Listen. Some of us are ever so slightly more sensitive than the average bear. Don’t be afraid of that; it’s also our superpower. But it’s our job to learn to work with ourselves and our big feelings so that we can wield them with courage and love instead of ending up in puddles of empathic overwhelm.
Here is a simple, powerful thing we can do for ourselves in intense moments.
It only takes a few seconds, but it can reverberate inside you for years.
Press your hand over your heart, or just above it.
I like to push pretty hard on my chest with my palm open and fingers spread, so I can feel the pressure, like I’m holding myself back from hurtling into a dangerous abyss, not that I have a vivid imagination that veers toward the drastic, not at all.
Then I say to myself, my sweet ridiculous panicky beloved self,
I’ve got you.
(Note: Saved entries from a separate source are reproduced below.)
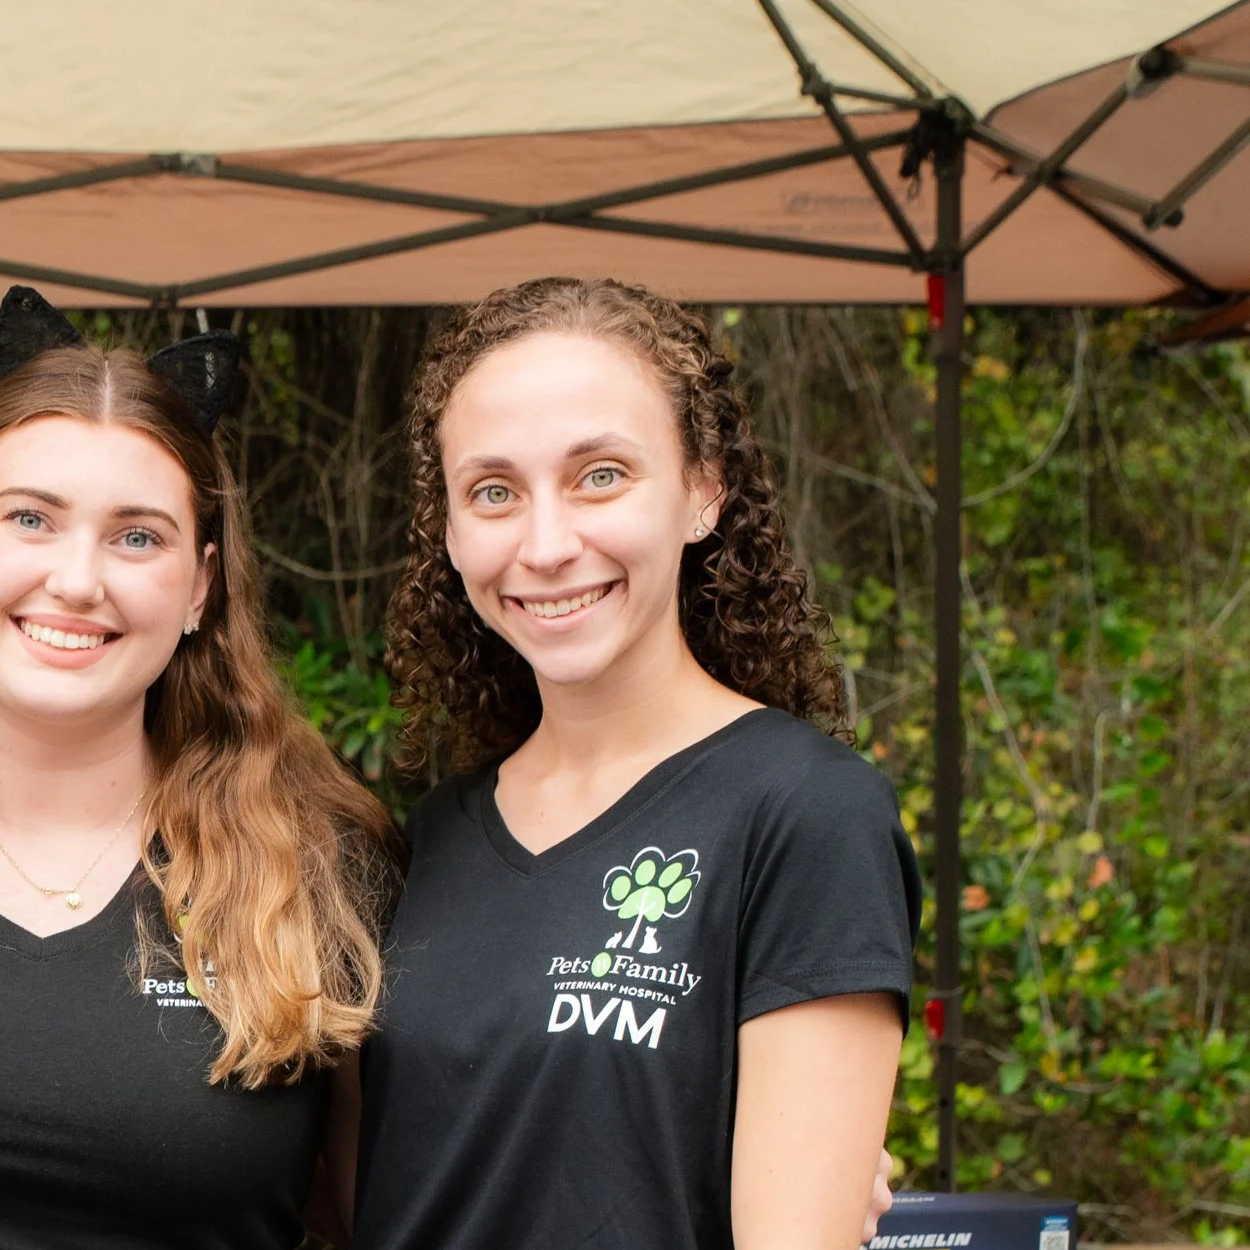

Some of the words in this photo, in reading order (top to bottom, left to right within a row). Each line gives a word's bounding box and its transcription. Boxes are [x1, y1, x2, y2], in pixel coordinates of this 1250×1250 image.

[142, 978, 185, 994] Pets
[547, 956, 592, 976] Pets
[609, 954, 702, 996] Family
[553, 981, 617, 992] VETERINARY
[619, 985, 677, 1006] HOSPITAL
[547, 994, 667, 1050] DVM
[869, 1232, 972, 1250] MICHELIN
You’re safe with me.
(I don’t usually do this out loud, as it tends to unnerve passersby.)
It’s so simple. It takes only a few seconds.
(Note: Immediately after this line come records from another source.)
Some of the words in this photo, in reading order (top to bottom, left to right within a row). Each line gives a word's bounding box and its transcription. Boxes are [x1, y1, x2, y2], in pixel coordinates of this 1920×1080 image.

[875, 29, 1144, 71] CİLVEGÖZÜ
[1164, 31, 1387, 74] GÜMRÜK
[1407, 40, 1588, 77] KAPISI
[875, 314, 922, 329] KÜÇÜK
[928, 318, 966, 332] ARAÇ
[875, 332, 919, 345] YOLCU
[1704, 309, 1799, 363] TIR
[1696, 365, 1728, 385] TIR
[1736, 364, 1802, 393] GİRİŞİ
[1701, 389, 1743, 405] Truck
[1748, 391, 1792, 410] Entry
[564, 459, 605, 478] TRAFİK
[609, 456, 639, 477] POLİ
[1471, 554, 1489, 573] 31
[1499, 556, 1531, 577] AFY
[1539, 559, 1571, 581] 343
I’ve got you. You’re safe with me.
But it’s deeply reassuring.
It slows things down when they get swirly. It steadies me when I feel shaky.
Sometimes I do this half a dozen times every day.
(The world is a pretty shaky place.)
And it brings me right back to the present moment, to myself, to this sacred ground.
I’ve got you. You’re safe with me.
It reminds me that my most important job really is to be a safe place for myself before I do anything else. To make choices that are good for me. To be kind and strong to and for myself.
And it reminds me that I absolutely have the capacity to do this.
This isn’t selfish or heartless, by the way. When I begin here, I have a better chance of bringing a gentle, fierce, loving, brave presence into the world. When I feel safe, I am more likely to extend that safety to the people around me. Most of us humans are at our worst when we’re afraid. As Martha Beck once wisely said, “scared people do scary things.”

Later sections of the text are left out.